[What needs to be done] Starting with the line that contains "this 1334×1500 image.", copy every line through the end of the data below, exactly and with nothing added.

•••

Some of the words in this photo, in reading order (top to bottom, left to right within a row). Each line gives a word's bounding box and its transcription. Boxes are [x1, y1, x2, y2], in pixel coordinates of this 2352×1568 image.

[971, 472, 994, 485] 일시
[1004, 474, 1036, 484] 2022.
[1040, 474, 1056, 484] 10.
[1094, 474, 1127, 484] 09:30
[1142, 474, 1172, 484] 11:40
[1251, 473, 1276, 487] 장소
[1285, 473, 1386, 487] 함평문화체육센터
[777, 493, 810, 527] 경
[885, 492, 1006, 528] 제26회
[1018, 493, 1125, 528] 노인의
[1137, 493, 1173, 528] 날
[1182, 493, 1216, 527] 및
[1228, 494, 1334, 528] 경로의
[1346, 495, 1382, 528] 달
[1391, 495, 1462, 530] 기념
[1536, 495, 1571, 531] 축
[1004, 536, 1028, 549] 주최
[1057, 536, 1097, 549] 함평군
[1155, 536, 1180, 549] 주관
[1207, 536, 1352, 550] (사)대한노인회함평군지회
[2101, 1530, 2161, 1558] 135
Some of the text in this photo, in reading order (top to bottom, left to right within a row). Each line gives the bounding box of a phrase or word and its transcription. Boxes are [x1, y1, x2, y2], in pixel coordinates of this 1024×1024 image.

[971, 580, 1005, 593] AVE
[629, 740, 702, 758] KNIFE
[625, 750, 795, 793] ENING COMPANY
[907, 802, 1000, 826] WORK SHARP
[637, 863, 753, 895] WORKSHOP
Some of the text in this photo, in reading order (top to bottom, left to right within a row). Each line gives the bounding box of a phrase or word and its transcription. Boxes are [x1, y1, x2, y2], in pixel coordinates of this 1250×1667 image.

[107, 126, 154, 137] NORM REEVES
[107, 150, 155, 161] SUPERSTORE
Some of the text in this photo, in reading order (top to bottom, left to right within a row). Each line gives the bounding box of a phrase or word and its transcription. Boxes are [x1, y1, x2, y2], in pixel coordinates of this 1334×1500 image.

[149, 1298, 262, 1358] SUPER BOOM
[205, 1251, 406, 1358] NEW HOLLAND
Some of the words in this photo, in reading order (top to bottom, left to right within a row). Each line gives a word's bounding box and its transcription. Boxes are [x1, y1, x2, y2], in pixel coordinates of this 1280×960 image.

•••

[Task solution]
Some of the text in this photo, in reading order (top to bottom, left to right within a row). Each line gives the bounding box of a phrase or word and its transcription. Boxes are [x1, y1, x2, y2], in pixel coordinates of this 1334×1500 image.

[149, 1298, 262, 1358] SUPER BOOM
[205, 1251, 406, 1358] NEW HOLLAND
Some of the words in this photo, in reading order (top to bottom, left to right within a row). Each line gives a word's bounding box and its transcription. Boxes are [x1, y1, x2, y2], in pixel coordinates of this 1280×960 image.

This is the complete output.